Below, we’ve listed some of the qualities that families desire in a Nanny. This language may be helpful for reframing your request, so that we can help you find a Nanny that’s the right fit.
- Language skills (For example: “We would like a Nanny who is fluent in _____” or “we prefer a Nanny who also speaks _____”.)
- Engaging and attentive
- Caring and nurturing
- Fun and enthusiastic
- Flexible and adaptable
- Punctual, good time management skills
- Housekeeping skills
- Meal preparation and cooking skills
- Positive discipline skills
We understand that, as parents, you only want what is best for your child(ren). Most of the time, there are no negative intentions behind the requests that are being made, however, they are often based on a preconceived notion or stereotype the client has in mind. Stereotypes (even seemingly “positive” stereotypes) can be harmful, as they result in people having implicit biases toward a specific group or demographic. These biases may then lead us to deny opportunities to those belonging (or not belonging) to that group. As an agency, we are not willing to deny highly qualified candidates the opportunity to apply for a position simply based on a family’s prejudice.

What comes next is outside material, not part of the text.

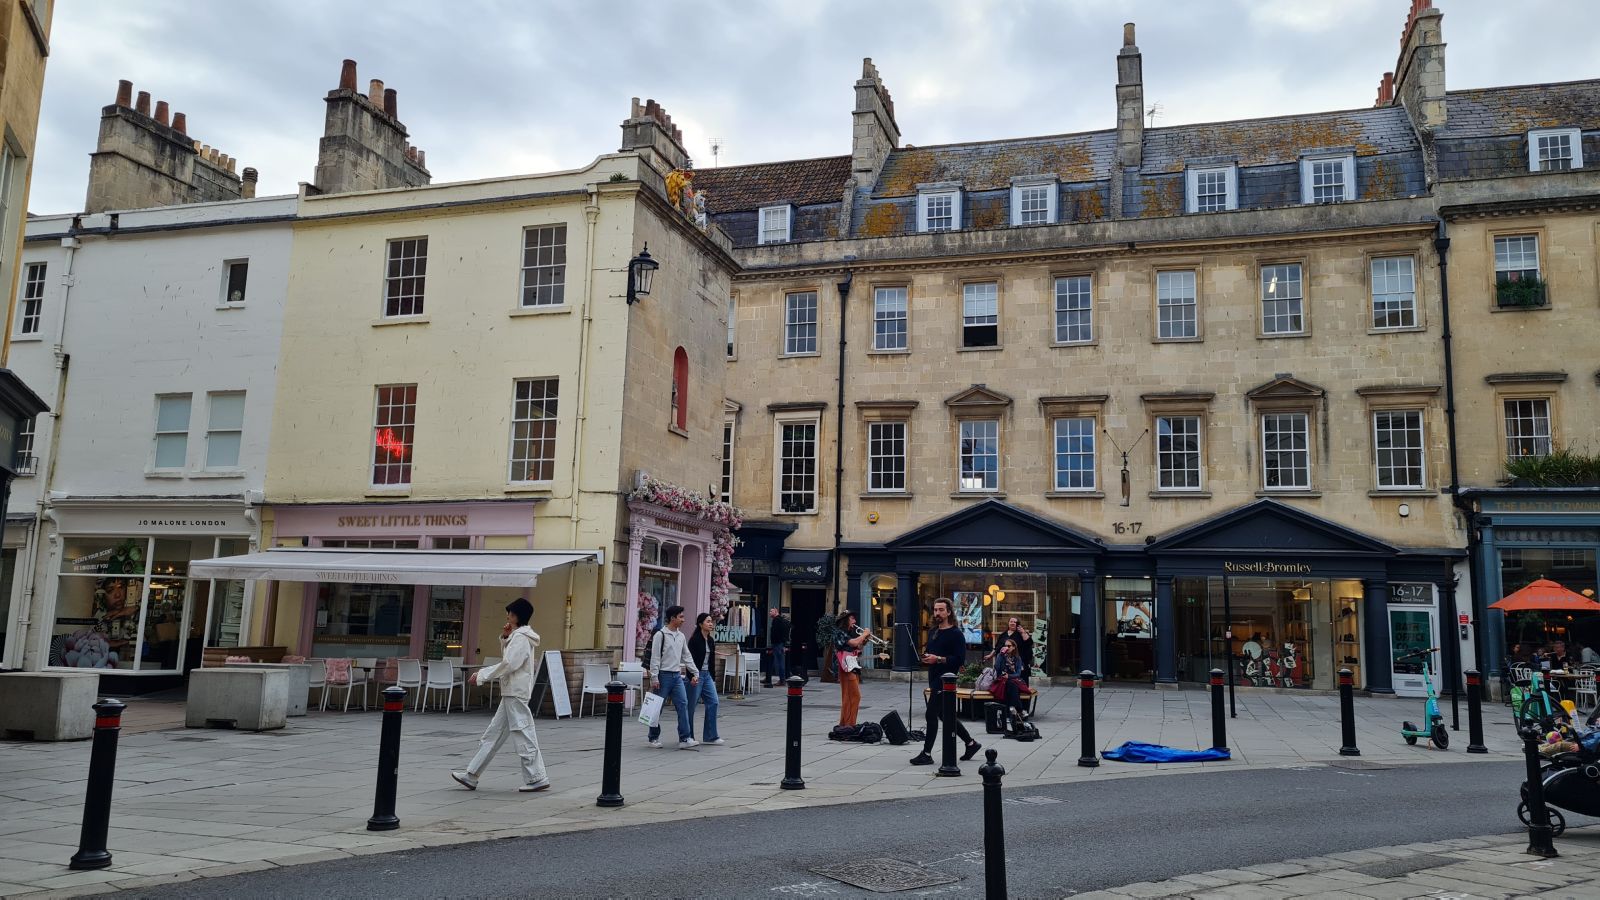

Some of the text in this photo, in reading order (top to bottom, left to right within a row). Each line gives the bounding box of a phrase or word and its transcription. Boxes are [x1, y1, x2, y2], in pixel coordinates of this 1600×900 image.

Although we do, unfortunately, encounter racial biases with some clients, we are not speaking exclusively about race and ethnicity. We also often receive requests based on ageism — for example, clients who don’t want a Nanny under the age of 25, or who don’t want someone over the age of 50. When we inquire as to why they would prefer someone older, more often than not, we learn that their real concern is that the Nanny will not be hardworking or that they will be on their phone all day. Conversely, some clients would prefer a younger Nanny, as they feel that someone older won’t have the stamina to keep up with their energetic children. In our experience, age does not determine whether someone is a good Nanny or not — work ethic, energy, and enthusiasm do. We’ve placed 19-year-old Nannies with families who have reported that they were the most hard-working, responsible employee they’ve ever hired. We’ve also placed Nannies in their 50’s who can carry twins up and down multiple flights of stairs all day, and who run marathons in their spare time. When it comes to being an exceptional child care provider, age is truly just a number!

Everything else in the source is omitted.